The entirety of this book is well written. The story is told with tremendous confidence and restraint throughout. But there are just some utterly rapturous passages, the kind of writing that removes you from your world. Most writing gets you about half way there. But a piece of you is still in that chair or on that bed, tethered to reality. But great writing takes you completely away. It immerses you in the world of the book. It's the closest thing to time travel there will probably ever be. And Wroblewski is that kind of writer. There's this scene in the rain about a third of the way through. I won't go into too much detail because I don't want to give too much away, but it's the absolute heart of the novel. It speaks to the book's central idea that there are truths that go deeper and farther beyond the boundaries and limitations we humans surround ourselves with, if only we let ourselves see them. And it's sort of like the dog chapters. In lesser hands, hell even in a lot of very good hands, this chapter would be ludicrous. It would derail the book and manipulate the reader. But in Wroblewski's hands, it's so, so right. Again you just find yourself saying of course. Of course this would happen. Of course it would happen this way. There could have been no other outcome.
And that's what great writing is. It's always stuck with me, this thing I learned in one of my early fiction classes. I'm sure some famous author said it and I wish I could remember, but that part I don't remember. What I do remember is the idea, which was that a great story should get the reader to a place that is both unexpected and completely inevitable. That's what this book does again and again. And along the way Wroblewski creates these rich, believable characters, from Edgar's mother, a woman both resilient and broken who has known sorrow and who has willed herself to turn turn away from it, to his uncle Claude, who may be one of the greatest literary villains I've come across in some time. He doesn't twirl his mustache and cackle. He's actually likable on several occasions. But Wroblewski reveals a weakness and a darkness in him that are just as terrifying as any weapon. And the dogs. I've talked about them already but I can't say enough about them. I can't do justice to the way Wroblewski reveals them as creatures with inner lives just as fascinating as the humans who train them.

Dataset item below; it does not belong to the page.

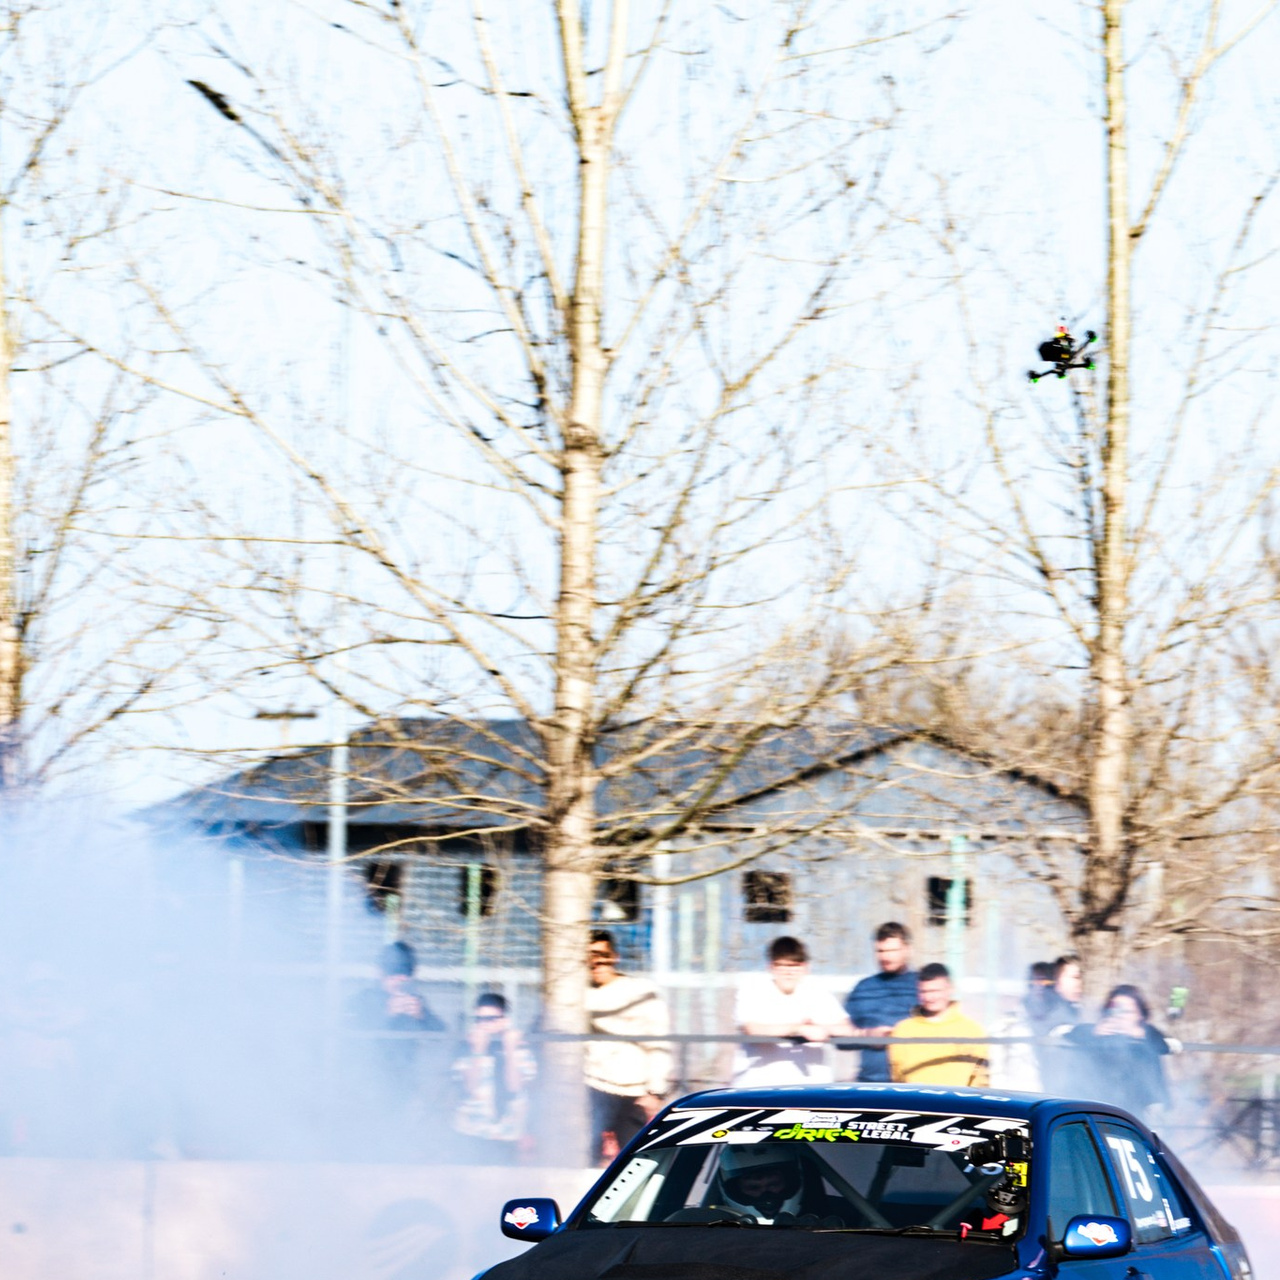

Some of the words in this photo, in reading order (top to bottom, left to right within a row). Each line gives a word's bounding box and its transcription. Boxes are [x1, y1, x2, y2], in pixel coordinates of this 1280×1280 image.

[847, 1121, 908, 1132] STREET
[861, 1129, 911, 1141] LEGAL
[1105, 1136, 1153, 1203] 75

There are so many reasons to rave about this book. I could go on and on and never really describe what is about it that makes it so special. So please find out for yourself. If you're one of those people who purposely avoid an Oprah book club pick because it's too "mainstream", I urge you to consider this one. There are books you read and enjoy and which ultimately fade inside of your mind. But this is the kind of book that stays with you. This is the kind of book you ache for when it's over, where you're actually homesick for the world contained within those 562 pages. And what a world it is, populated by humans and ghosts and beautiful dogs and strange, unnameable things which linger just outside the scope of our language.